All that is wanted is a word-for-word retyping of the lines from the one containing "Some of the text" through the end of the material below.

INFORMATION below:

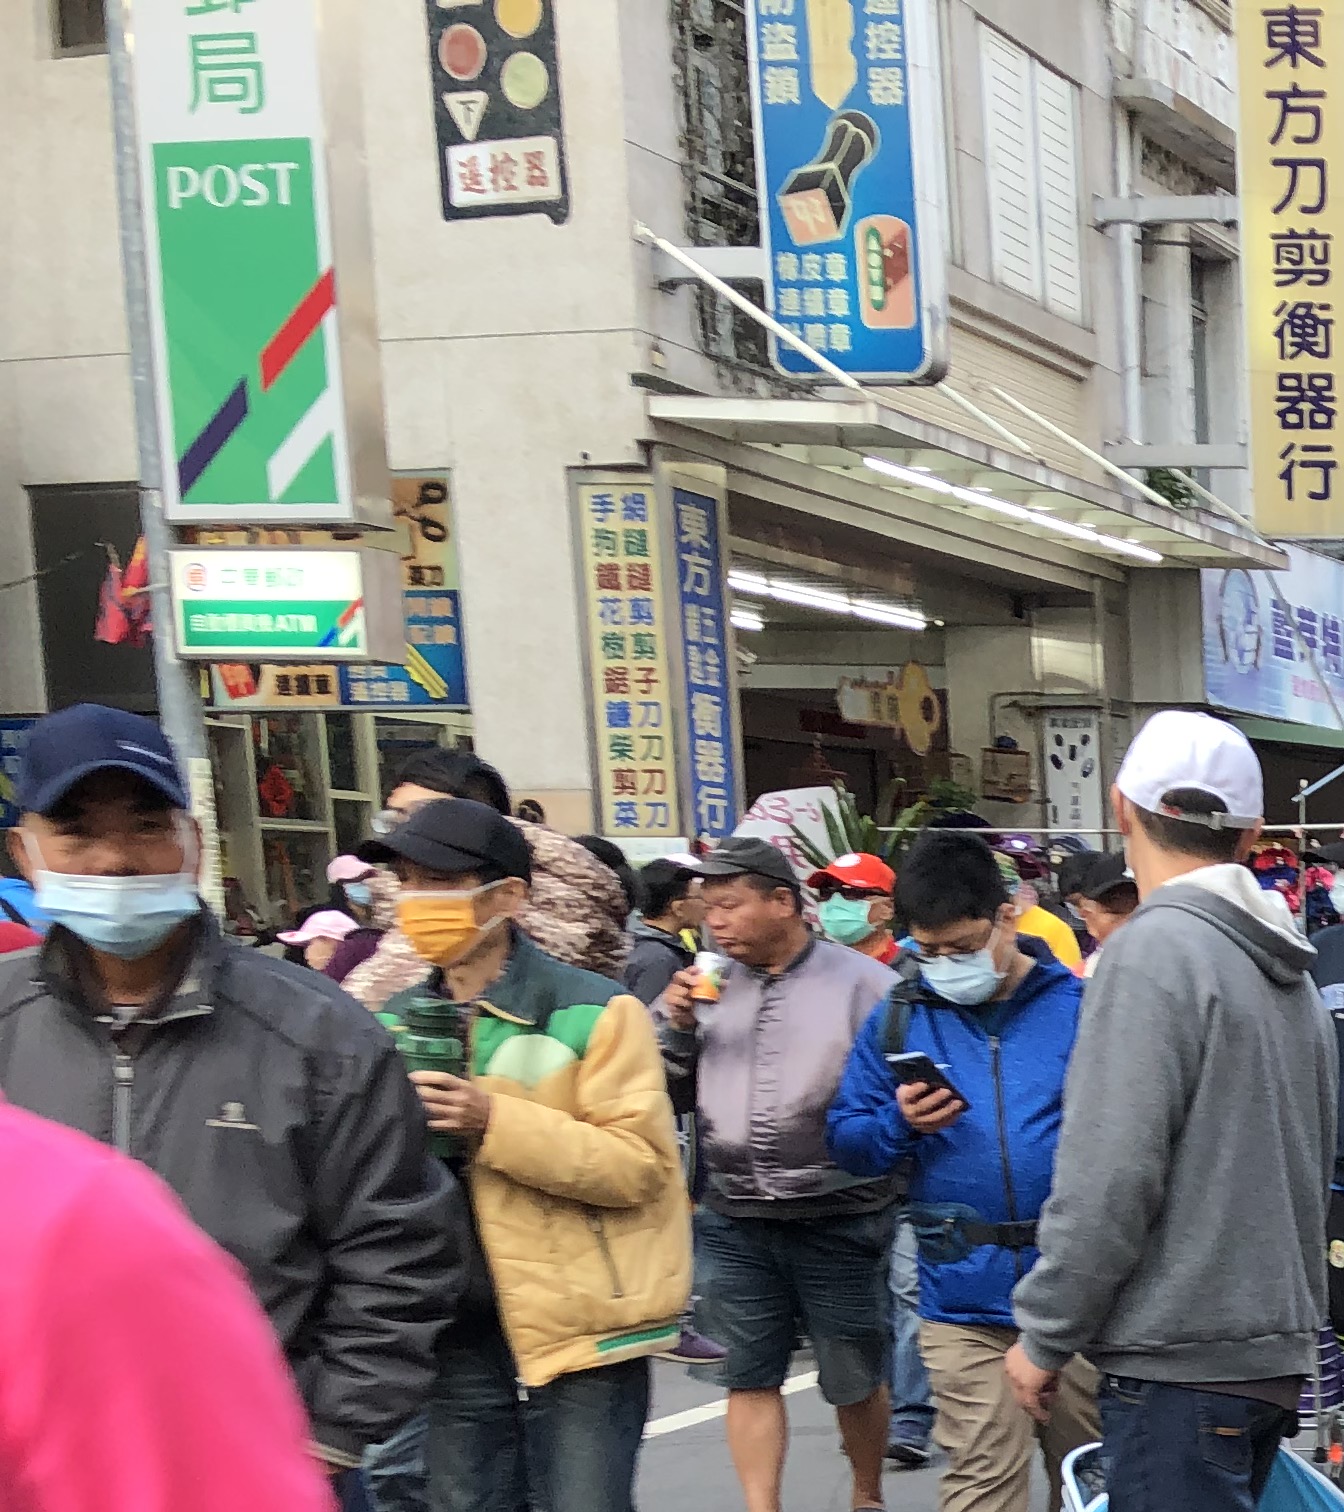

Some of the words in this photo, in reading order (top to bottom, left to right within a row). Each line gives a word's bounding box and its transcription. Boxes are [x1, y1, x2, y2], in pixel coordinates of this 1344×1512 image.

[167, 162, 300, 209] POST
[1262, 5, 1338, 500] 東方刀剪衡器行
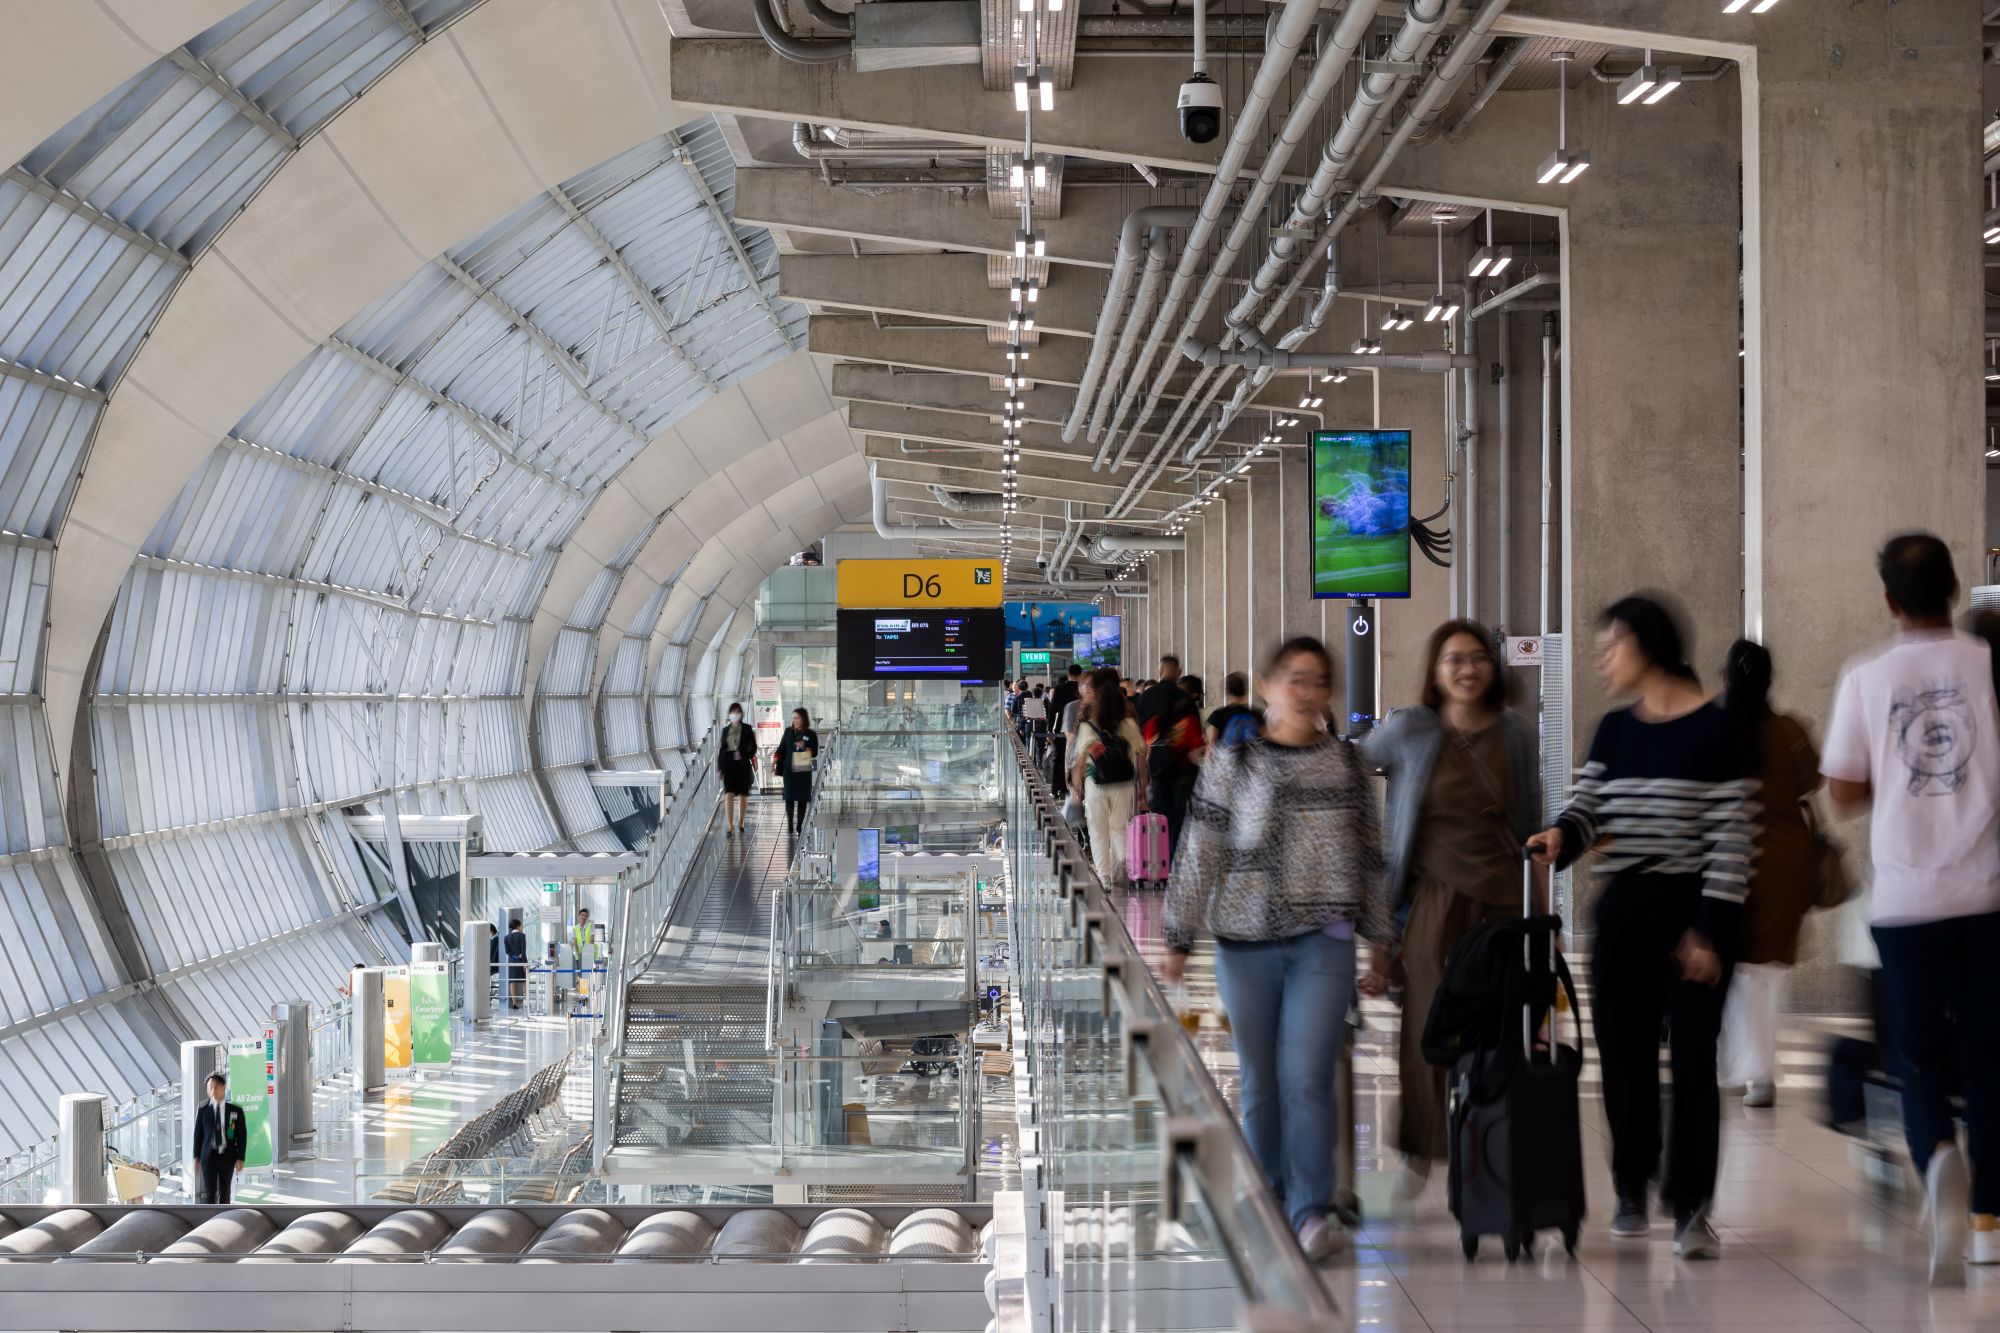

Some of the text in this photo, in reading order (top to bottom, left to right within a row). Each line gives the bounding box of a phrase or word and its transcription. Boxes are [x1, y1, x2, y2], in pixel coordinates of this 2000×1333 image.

[903, 573, 942, 598] D6
[415, 1005, 445, 1014] Courtesy
[237, 1094, 263, 1102] All Zone

End of INFORMATION.

> **YOUR RESPONSE**
Some of the text in this photo, in reading order (top to bottom, left to right within a row). Each line gives the bounding box of a phrase or word and its transcription. Boxes are [x1, y1, x2, y2], in pixel coordinates of this 2000×1333 image.

[903, 573, 942, 598] D6
[415, 1005, 445, 1014] Courtesy
[237, 1094, 263, 1102] All Zone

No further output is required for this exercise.